=== EXERCISE ===
The expected output is each line from the one containing "this 1697×1130 image." to the last line of the data below, set down exactly, minus the pictures.

━━━━━━

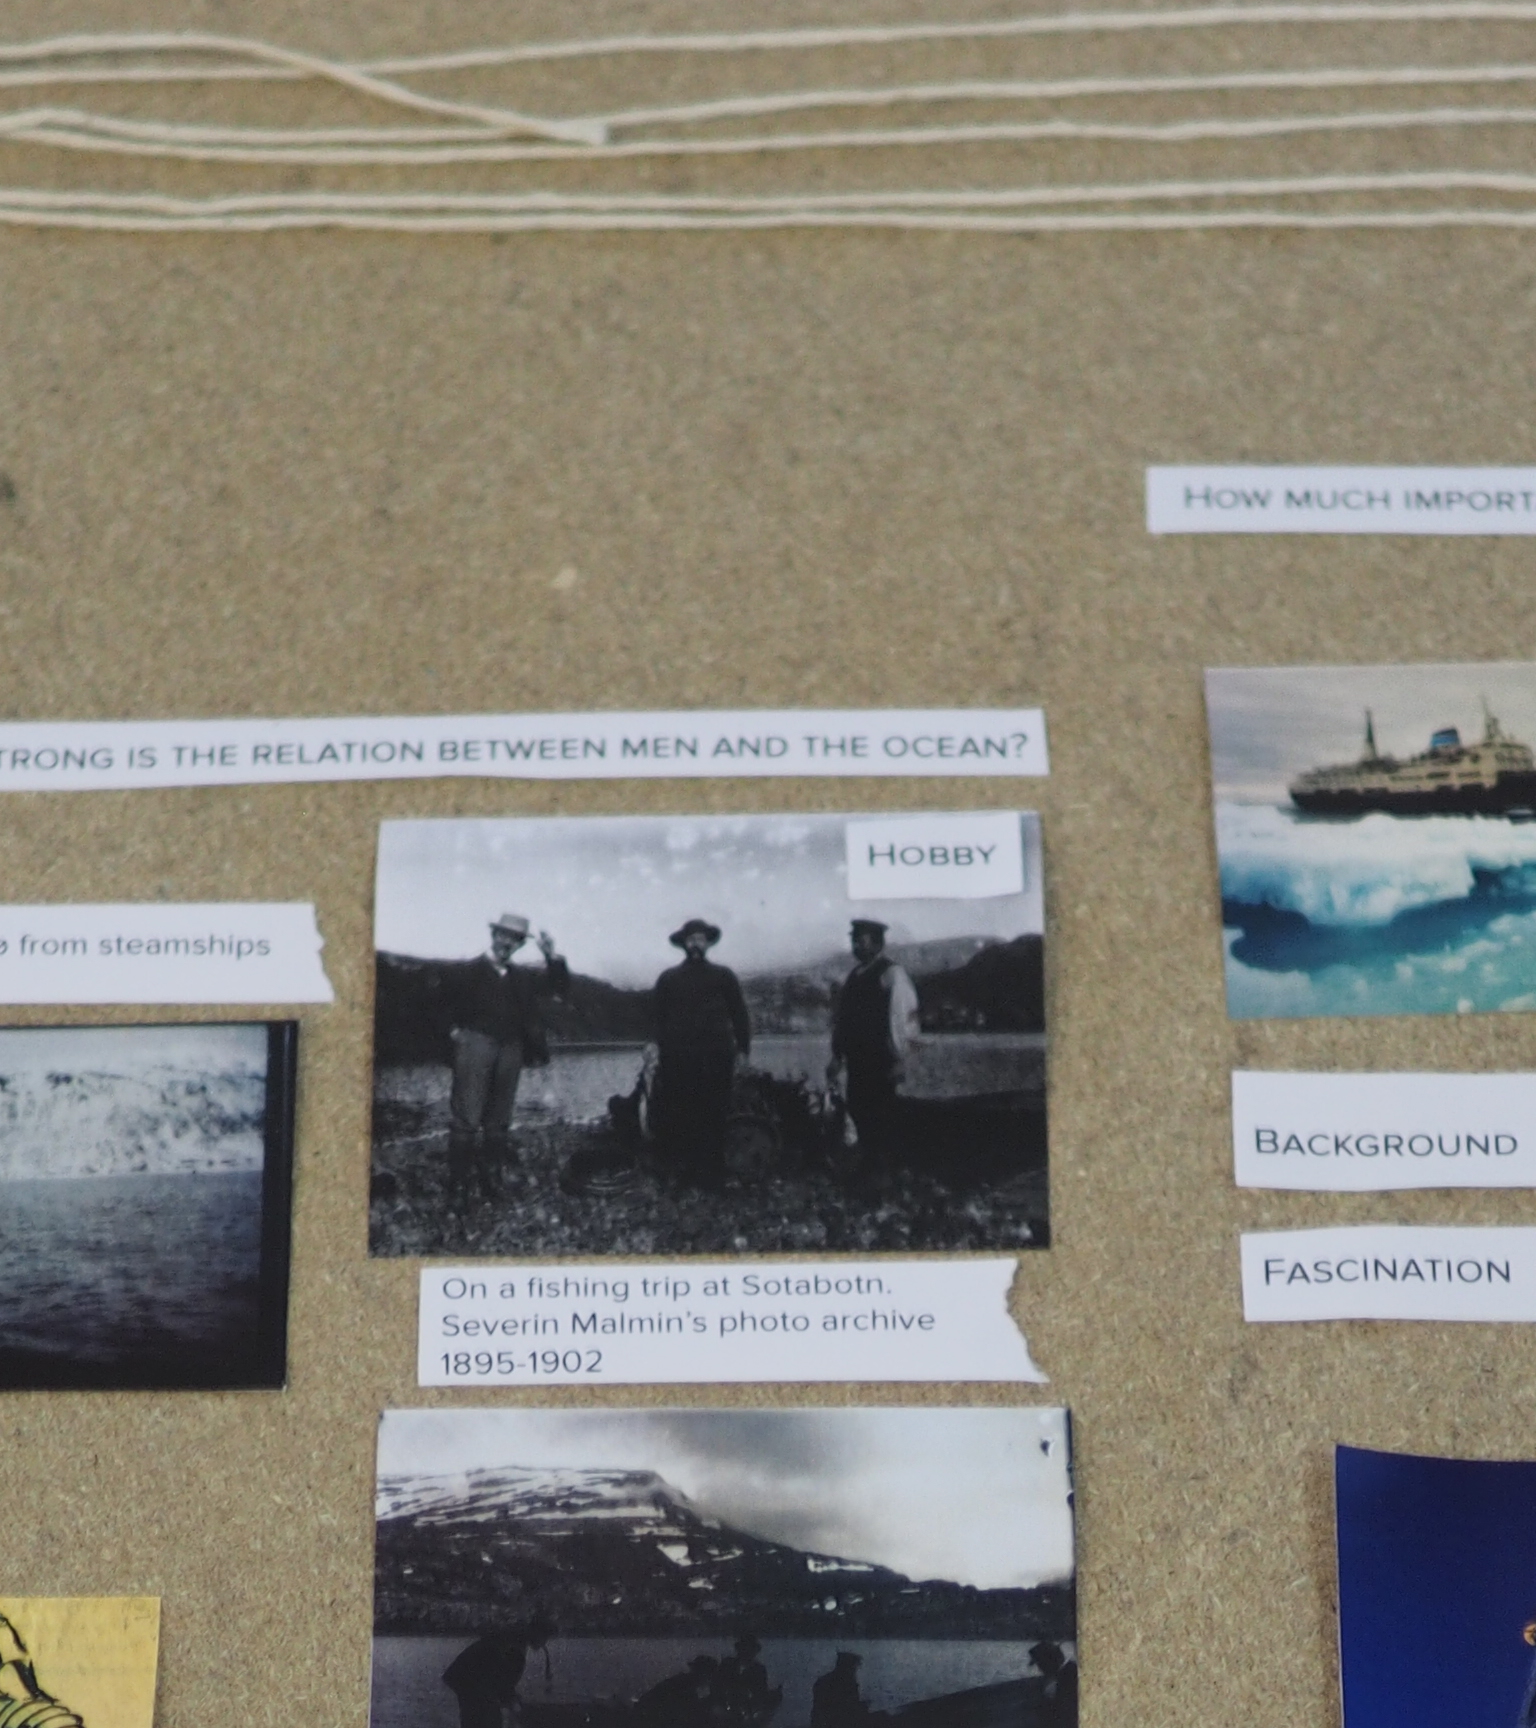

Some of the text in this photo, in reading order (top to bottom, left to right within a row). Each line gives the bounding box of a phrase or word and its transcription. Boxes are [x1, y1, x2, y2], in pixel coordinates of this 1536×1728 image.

[1183, 486, 1272, 510] HOW
[1284, 488, 1392, 511] MUCH
[127, 747, 158, 769] IS
[172, 744, 237, 767] THE
[251, 740, 425, 765] RELATION
[438, 737, 607, 762] BETWEEN
[620, 736, 699, 759] MEN
[711, 735, 790, 759] AND
[802, 735, 868, 758] THE
[881, 731, 1029, 759] OCEAN?
[867, 842, 996, 868] HOBBY
[19, 933, 88, 956] from
[98, 933, 272, 962] steamships
[1254, 1127, 1519, 1158] BACKGROUND
[1263, 1257, 1511, 1287] FASCINATION
[441, 1273, 892, 1302] On a fishing trip at Sotabotn.
[441, 1308, 936, 1338] Severin Malmin's photo archive
[441, 1349, 603, 1376] 1895-1902
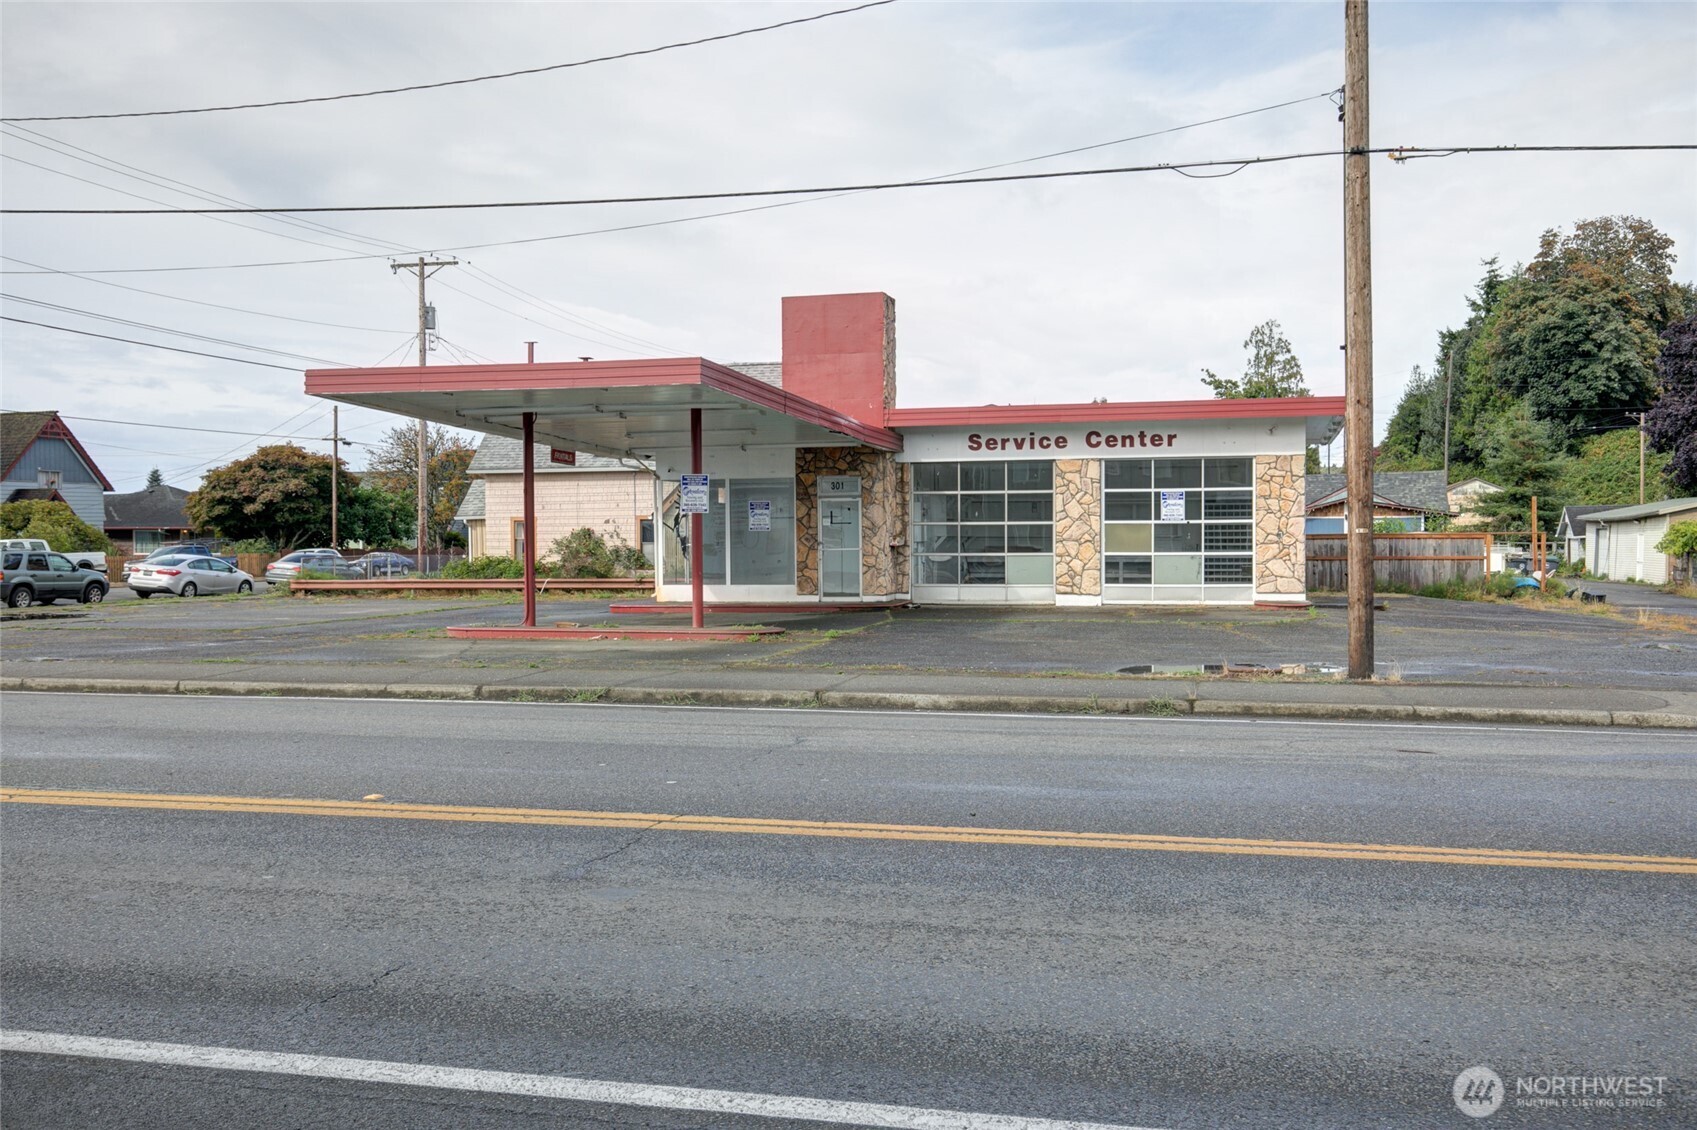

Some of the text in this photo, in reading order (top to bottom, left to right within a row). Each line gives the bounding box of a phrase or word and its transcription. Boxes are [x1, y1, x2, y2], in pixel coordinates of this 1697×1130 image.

[967, 430, 1177, 451] Service Center
[831, 481, 844, 490] 301
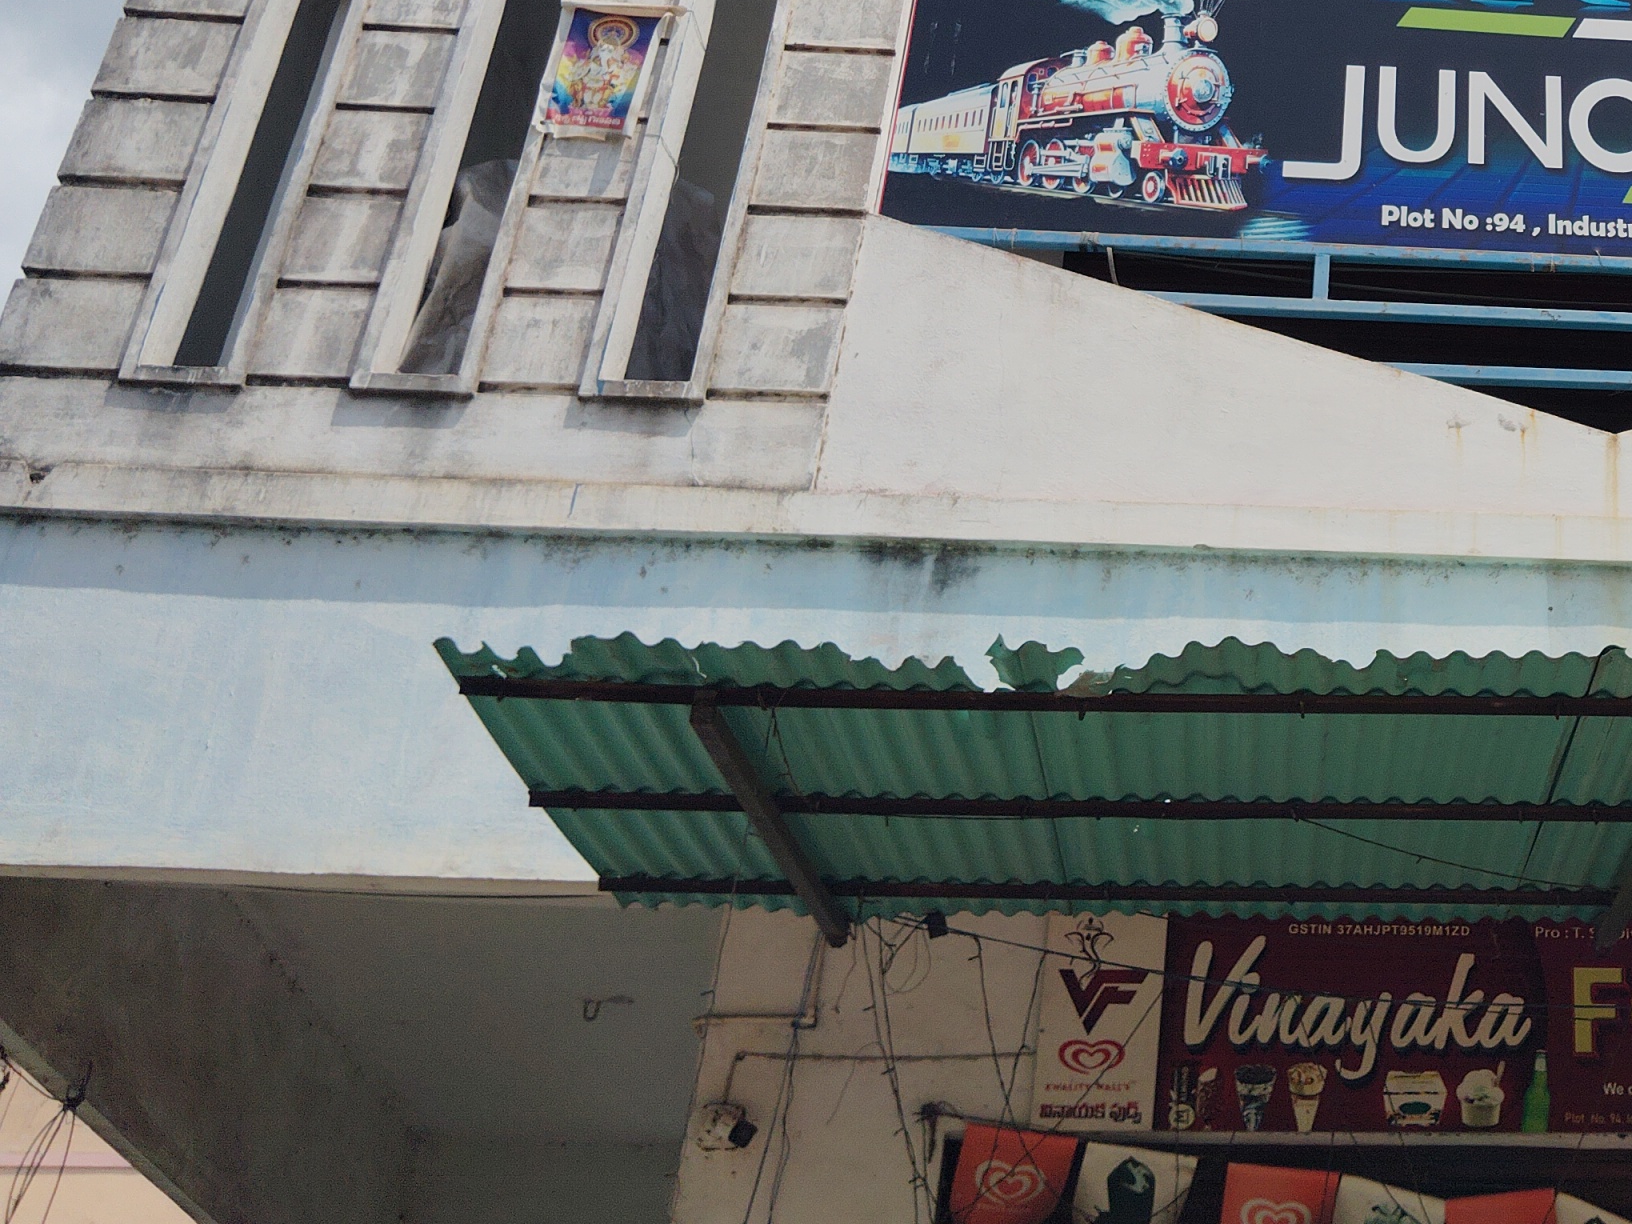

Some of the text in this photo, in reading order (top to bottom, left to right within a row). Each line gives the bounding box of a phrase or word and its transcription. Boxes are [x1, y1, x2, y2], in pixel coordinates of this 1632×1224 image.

[1381, 204, 1435, 229] Plot
[1288, 923, 1332, 935] GSTIN
[1184, 934, 1532, 1080] Vinayaka
[1603, 1082, 1625, 1097] We

━━━━━━

=== EXERCISE RESULT ===
Some of the text in this photo, in reading order (top to bottom, left to right within a row). Each line gives the bounding box of a phrase or word and its transcription. Boxes are [x1, y1, x2, y2], in pixel coordinates of this 1697×1130 image.

[967, 430, 1177, 451] Service Center
[831, 481, 844, 490] 301

Some of the text in this photo, in reading order (top to bottom, left to right within a row). Each line gives the bounding box of a phrase or word and its transcription. Boxes are [x1, y1, x2, y2], in pixel coordinates of this 1632×1224 image.

[1381, 204, 1435, 229] Plot
[1288, 923, 1332, 935] GSTIN
[1184, 934, 1532, 1080] Vinayaka
[1603, 1082, 1625, 1097] We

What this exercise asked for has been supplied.